After many patients found out about this perverse of for incentive the program finally died out.
Imagine having to beg your primary care physician for the care you think you need. Some patients would even feel guilty about asking for referrals because they new it was taking money out of their physician’s pocket. Others did not want to come in for visits because they knew the doctor would be reimbursed nothing for the visit.
I cannot even begin to address the questionable decisions that I observed by my fellow physicians at that time.
For those wishing to control cost, I applaud, but this idea will fold under the light of day
August 5th, 2009 at 12:42 pm
David,
The question is how do you ensure transparency to the degree that the patient understands the system and understands the incentive structure of the care they seek.
If the idea of network of doctors caring for patients is enacted—and the network is paid according to keeping their patients “healthy”, the public will need understand the breakdown of where the money goes and demand (along with doctors) that the dispersal is fair.
As far the $100 example, it’s egregious, no doubt.

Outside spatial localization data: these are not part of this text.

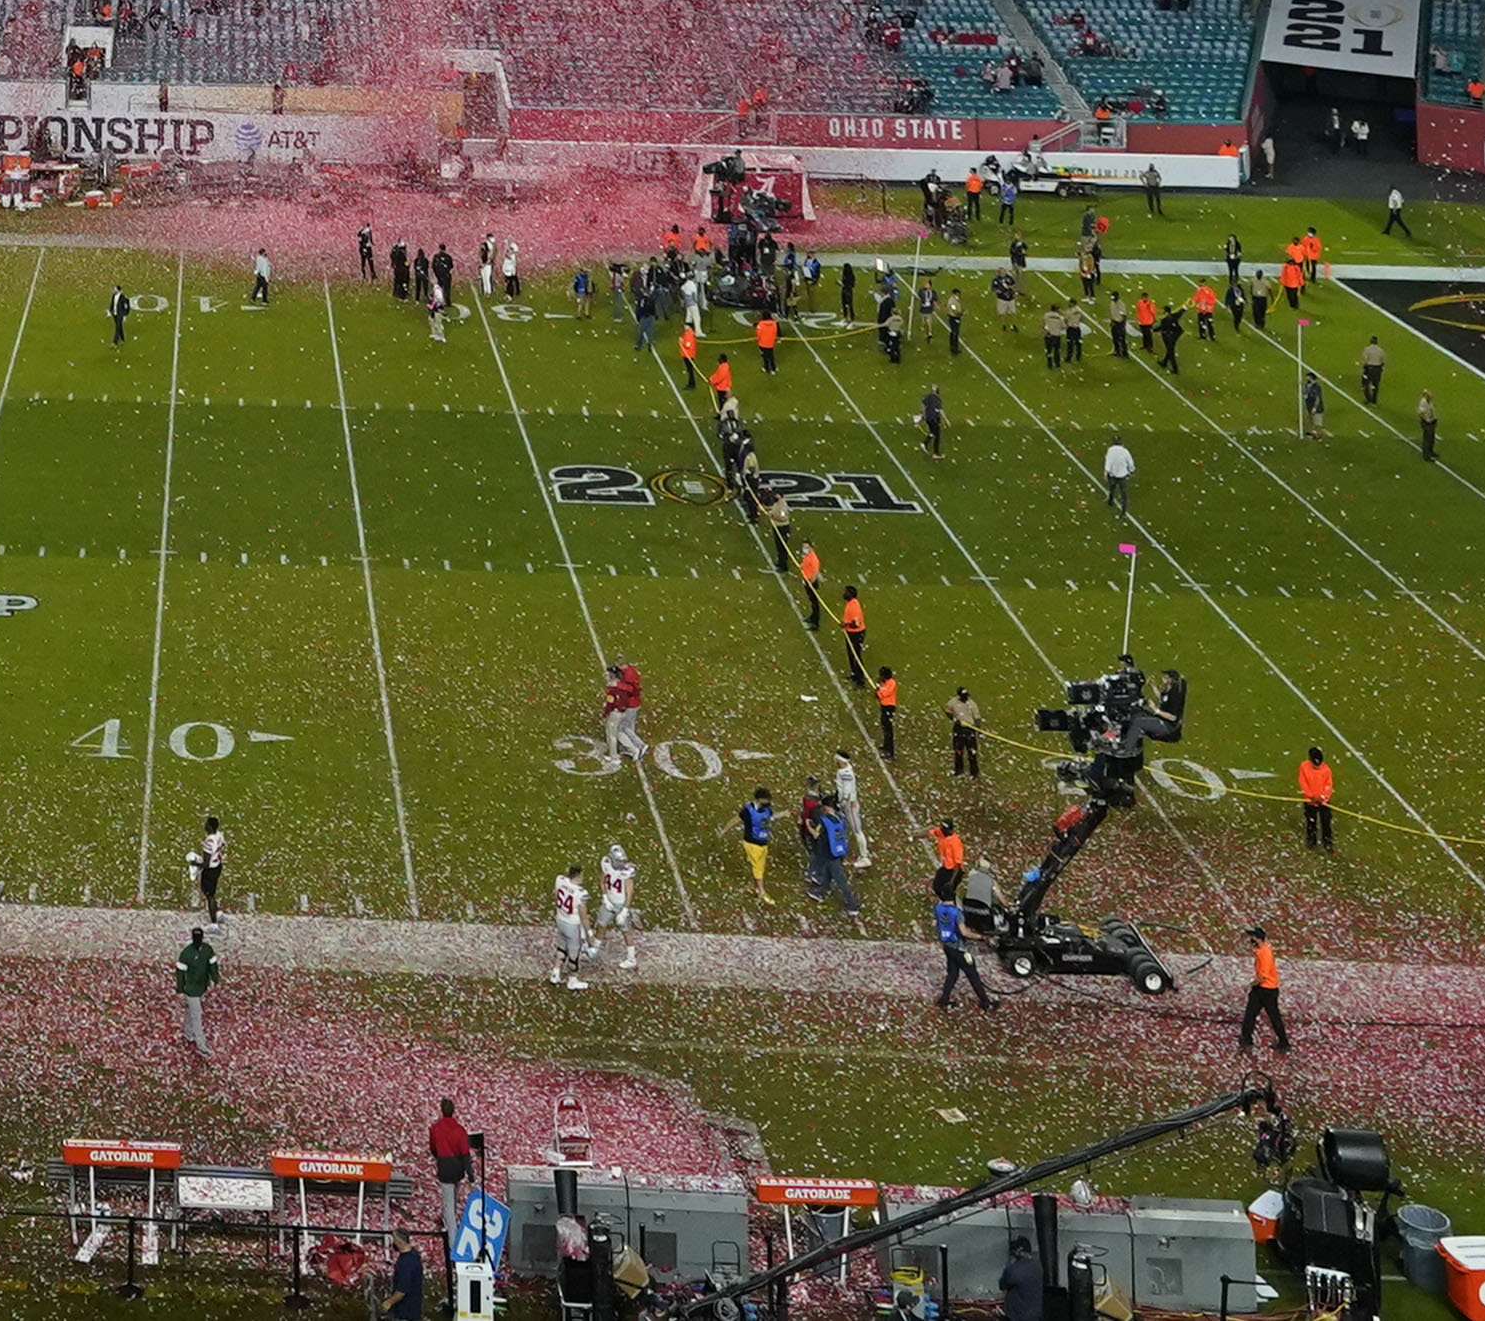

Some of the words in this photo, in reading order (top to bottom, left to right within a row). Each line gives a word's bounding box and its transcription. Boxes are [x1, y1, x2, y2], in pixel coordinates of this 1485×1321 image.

[828, 117, 886, 140] OHIO
[893, 118, 963, 141] STATE
[267, 131, 321, 150] AT&T
[70, 718, 235, 761] 40
[550, 735, 723, 782] 30
[89, 1149, 155, 1164] GATORADE
[298, 1160, 364, 1176] GATORADE
[784, 1186, 851, 1201] GATORADE
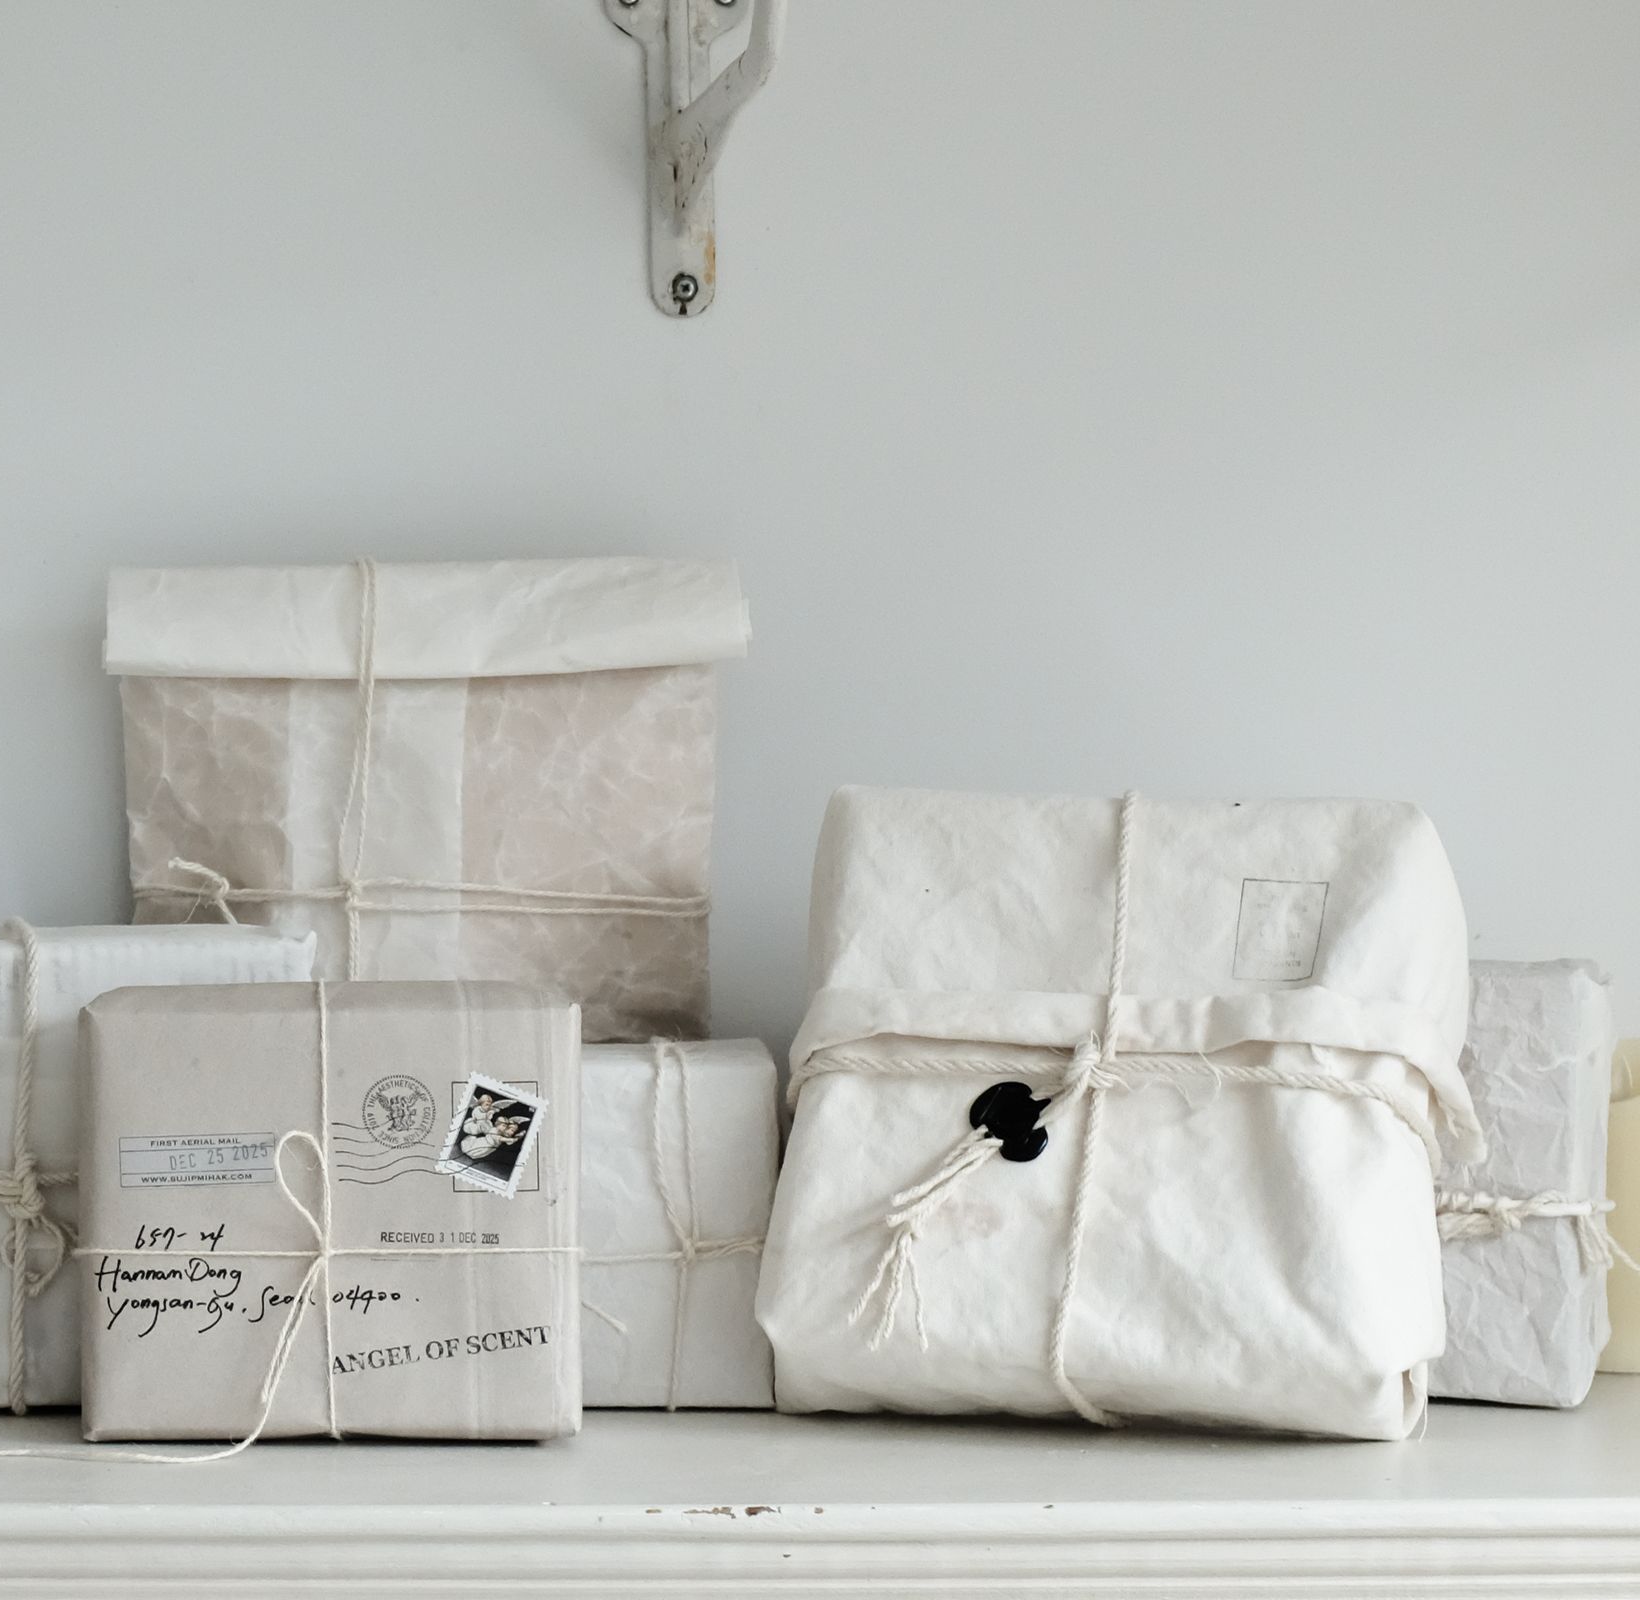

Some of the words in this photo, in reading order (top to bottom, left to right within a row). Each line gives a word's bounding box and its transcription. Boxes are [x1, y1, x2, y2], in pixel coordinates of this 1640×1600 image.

[378, 1079, 420, 1092] AESTHETICS
[150, 1139, 177, 1147] FIRST
[181, 1138, 215, 1146] AERIAL
[218, 1137, 242, 1145] MAIL
[169, 1153, 196, 1171] DEC
[207, 1148, 224, 1165] 25
[232, 1142, 268, 1161] 2025
[380, 1231, 435, 1243] RECEIVED
[459, 1232, 477, 1244] DEC
[481, 1233, 500, 1244] 2025
[331, 1344, 421, 1375] ANGEL
[425, 1337, 460, 1361] OF
[466, 1325, 552, 1355] SCENT
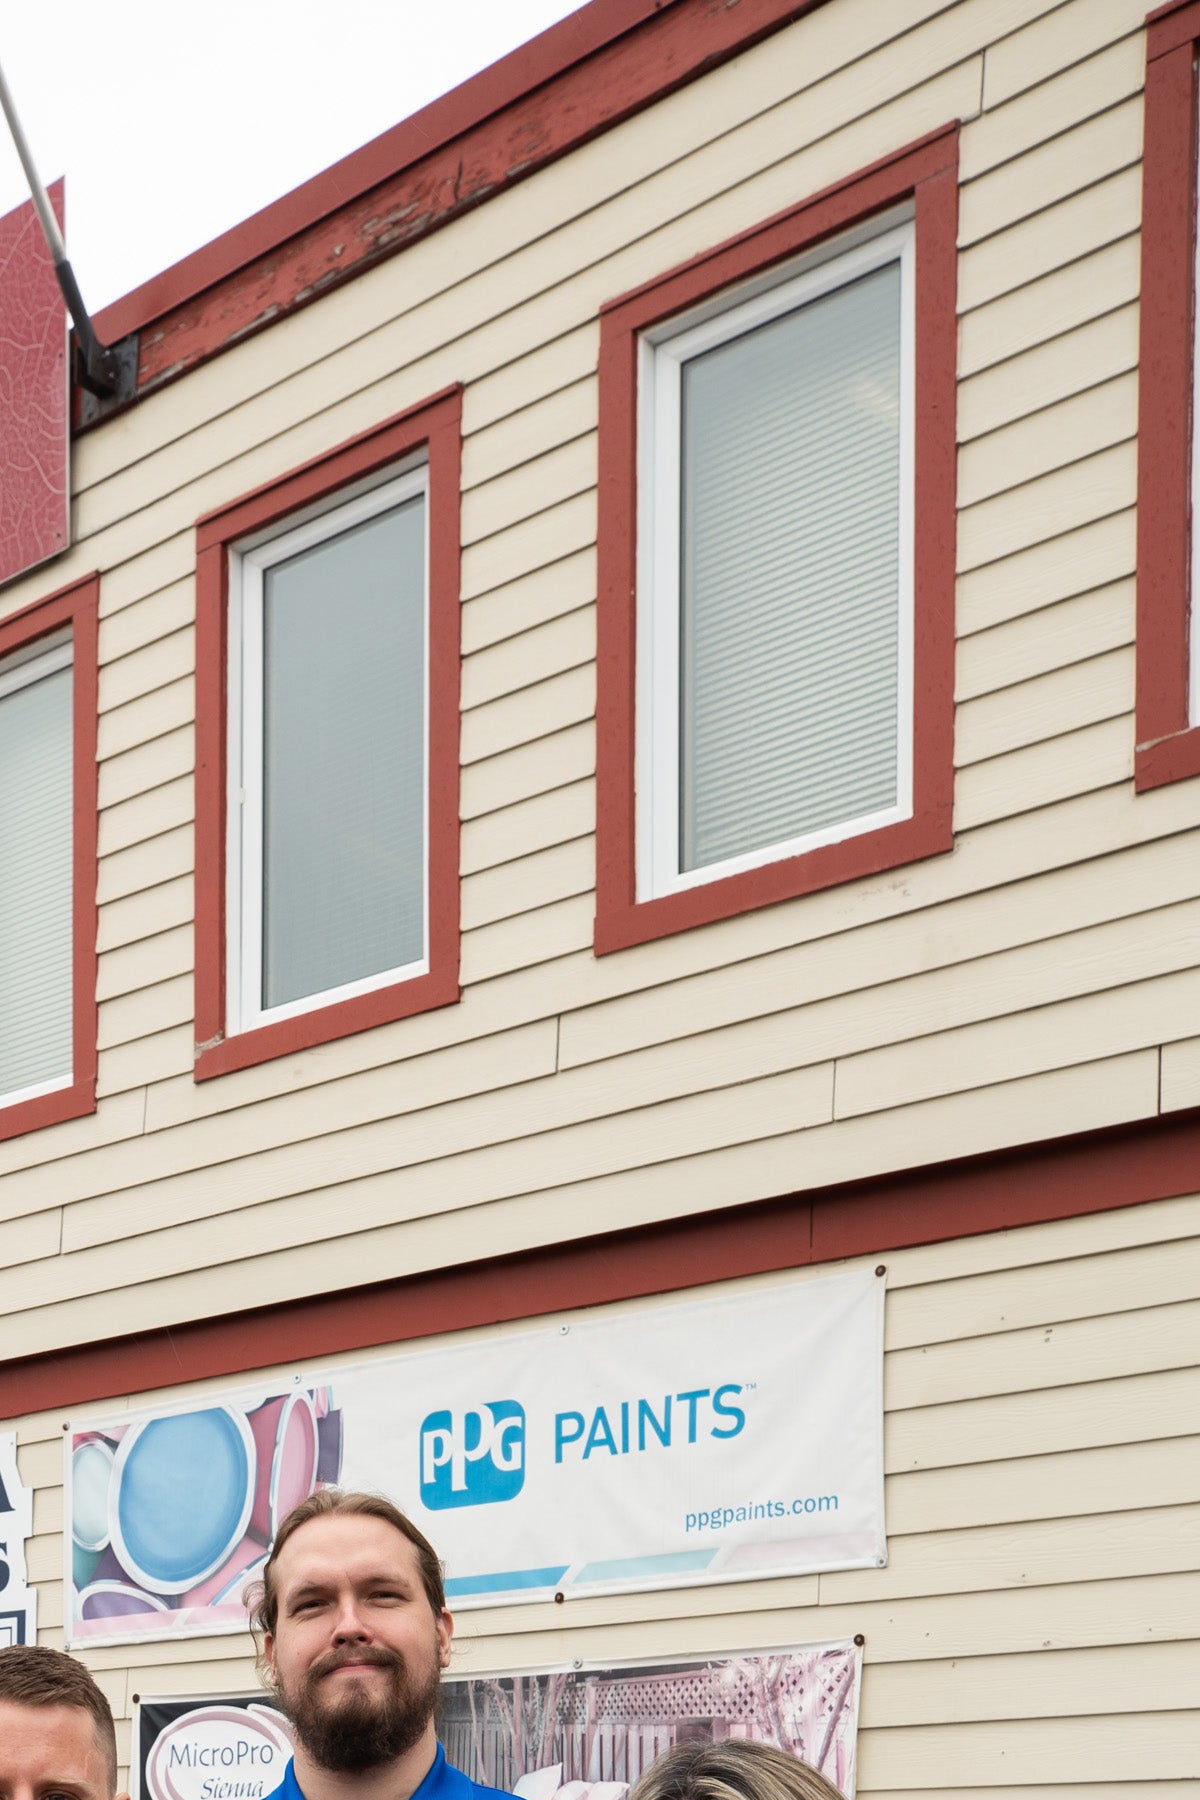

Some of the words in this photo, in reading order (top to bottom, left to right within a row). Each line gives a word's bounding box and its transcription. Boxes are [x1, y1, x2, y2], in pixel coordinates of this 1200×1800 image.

[422, 1403, 523, 1492] PPG
[554, 1383, 747, 1464] PAINTS
[684, 1493, 840, 1533] ppgpaints.com
[169, 1740, 274, 1768] MicroPro
[200, 1777, 264, 1800] Sienna

But my question is—without sounding to out-of-touch and altruistic—wouldn’t that $100 be worth it if the patient desperately needed to see that specialist? I realize that logic couldn’t be applied to every case, no doctor could sustain a practice. But in my time working for pain management specialist I was awed at the copious amount of unnecessary referrals. We specialized in treating mostly low back pain with injections. However we were often sent new patients who came into the office with the expressed sole interest of seeking physical therapy to manage their ailment. Basically they had to pay for an office visit they never needed, their primary could of just sent them to the intervention desired and saved the patient both time and money.
Increased communication needs to be at the center of all reform, and if all parties involved are willing to make compromises for the better of the system, I think we can figure this thing out.
Most of us cannot speak on your level of expertise about health care. Please don’t hesitate to share your ideas on how we can reform a system that is currently failing—thoughtful insight can never hurt a discussion.